The effect of income and the effect of substitution: features and the relationship of concepts

The effect of income is the impact on the structure of consumer demand, provided by a change in real income due to changes in the value of the good.

The essence of the effect is that as a result of reducing the cost of a certain good, a person can acquire a greater quantity of it, while not denying himself the purchase of other goods. This concept reflects the impact of changes in real income on the value of demand. A drop in the value of one product will have, albeit insignificant, an effect on the general price level, which will make the consumer relatively richer. His real incomes will increase slightly . The additional income that is generated as a result of a fall in the value of a given good can be used by the consumer both to purchase additional units of this good and to increase the consumption of other goods.

The substitution effect is a change in the structure of demand due to a change in the value of one of the benefits from the consumer set. The essence of the effect is that when the cost of one product increases, the consumer reorients to another product that has similar consumer properties, but with a constant value. In other words, consumers tend to replace more expensive goods and benefits with cheaper ones. As a result, the demand for benefits, whose value has increased, will fall.

The relationship of income and substitution effects

The effects of income and substitution do not work in isolation, but in interaction with each other. As for normal goods, the effects will be summed up for them, since a decrease in value will lead to an increase in demand for these goods.

For example, a consumer has a specific fixed income. He buys in a certain ratio of coffee and tea, which are normal benefits. Then the effect of income and substitution will act as follows. Reducing the cost of tea hi to the fact that demand for it will increase. Since the cost of coffee has remained unchanged, then this drink becomes relatively more expensive than tea. Any rational consumer would prefer to replace expensive coffee with relatively cheap tea. The income effect will work as follows: reducing the cost of tea has made the buyer a little richer, that is, it has caused the growth of real incomes. Since the higher the income level, the higher the population’s demand for normal goods will be, and income growth can be spent both on the purchase of additional units of tea and the purchase of coffee.

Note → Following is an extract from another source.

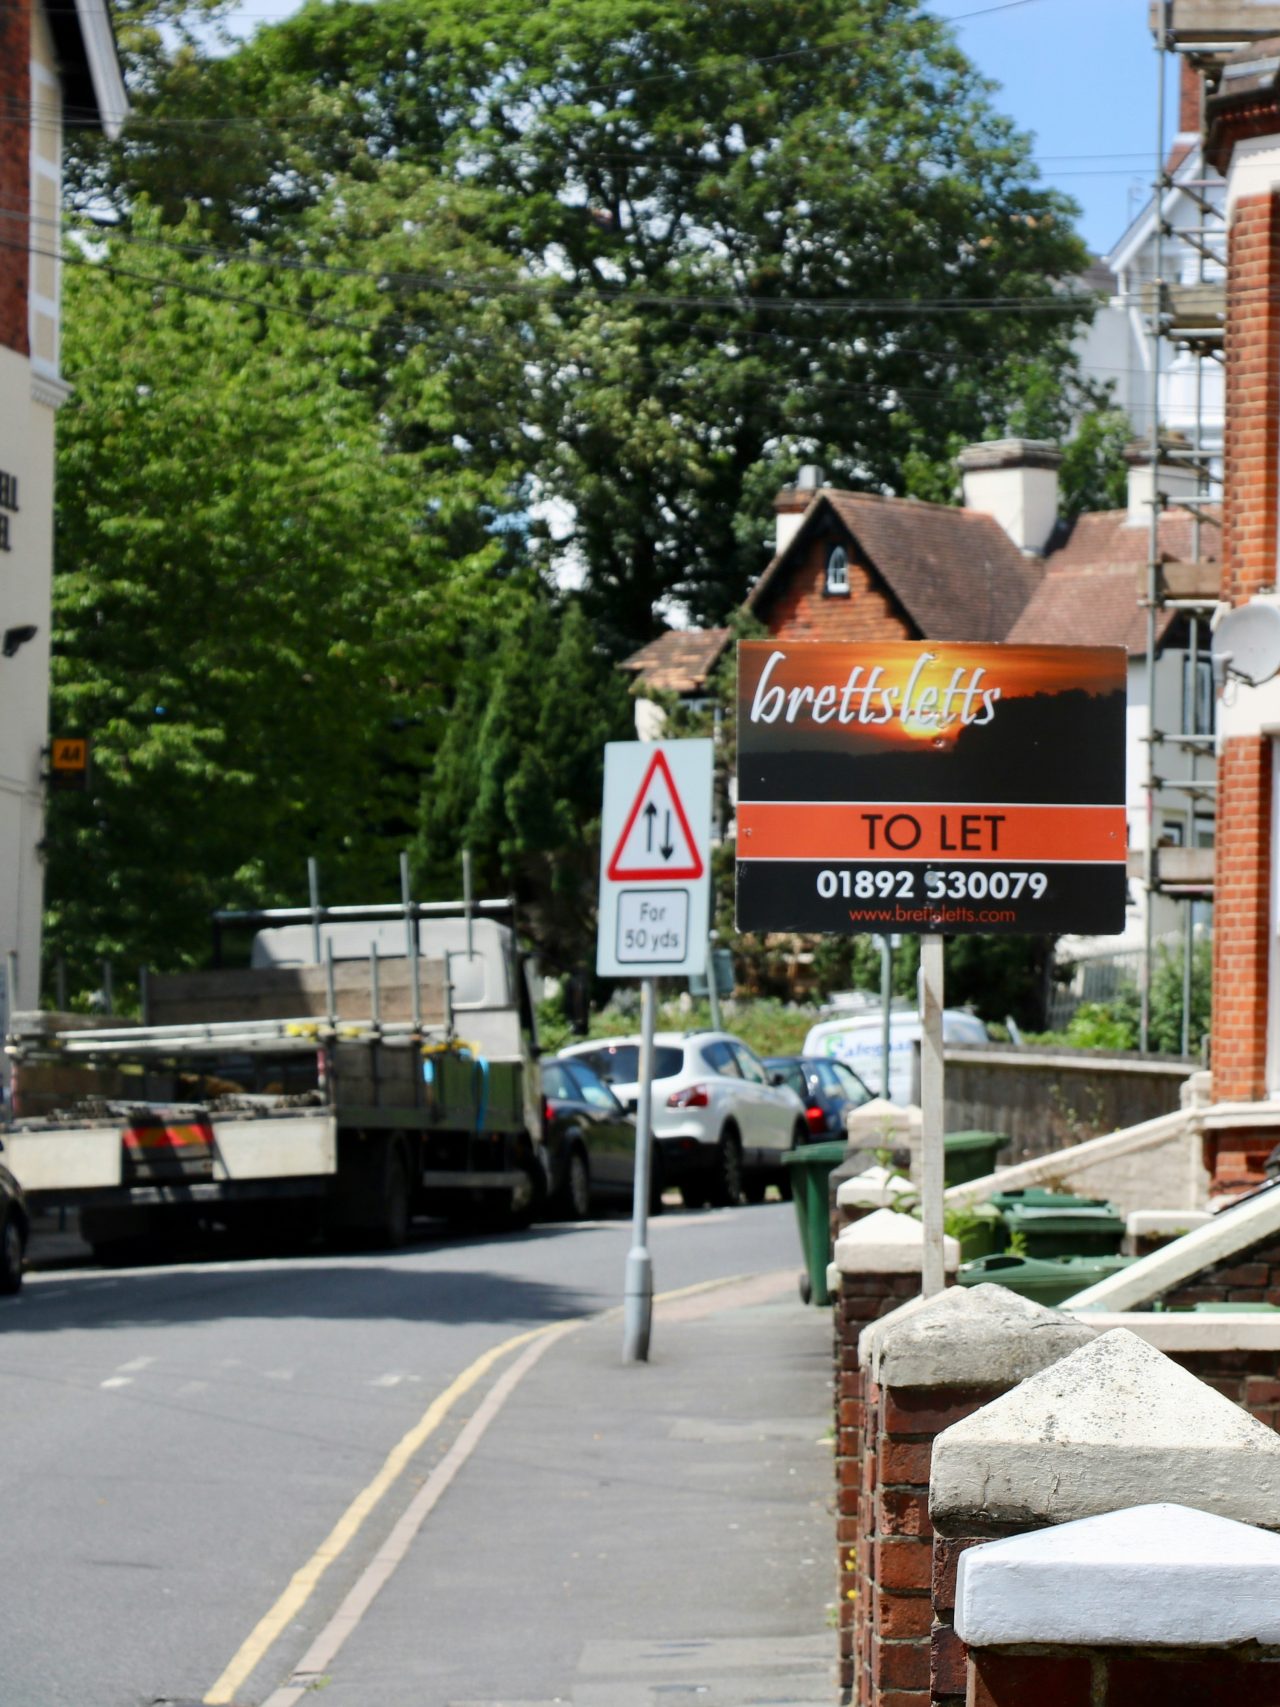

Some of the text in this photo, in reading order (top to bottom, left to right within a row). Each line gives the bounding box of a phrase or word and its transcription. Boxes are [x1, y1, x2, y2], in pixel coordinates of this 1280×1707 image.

The effect of income and substitution work unidirectionally. For a normal product, this indicator explains the increase in demand with lower prices.

For the benefits of the lower category, the effects of income and substitution are determined by the difference between them.

For example, a buyer, having a certain income in stock, acquires natural coffee and coffee drink in a specific ratio. The latter refers to goods of the lowest category. Then, according to the substitution effect, a decrease in the price of a coffee drink will lead to an increase in demand for this good, since it will become a relatively cheap product. A rational buyer will substitute expensive natural coffee for a relatively cheap drink. The income effect will work as follows. Reducing the cost of a coffee drink made the buyer a little richer, that is, this led to an increase in real income. Since with the growth of incomes the demand for lower goods decreases, the increase in real income will be spent on the purchase of natural coffee. Thus, a fall in the price of a coffee drink will lead to a decrease in demand for it and an increase in demand for natural coffee. In this case, the substitution effect and the income effect act in different directions.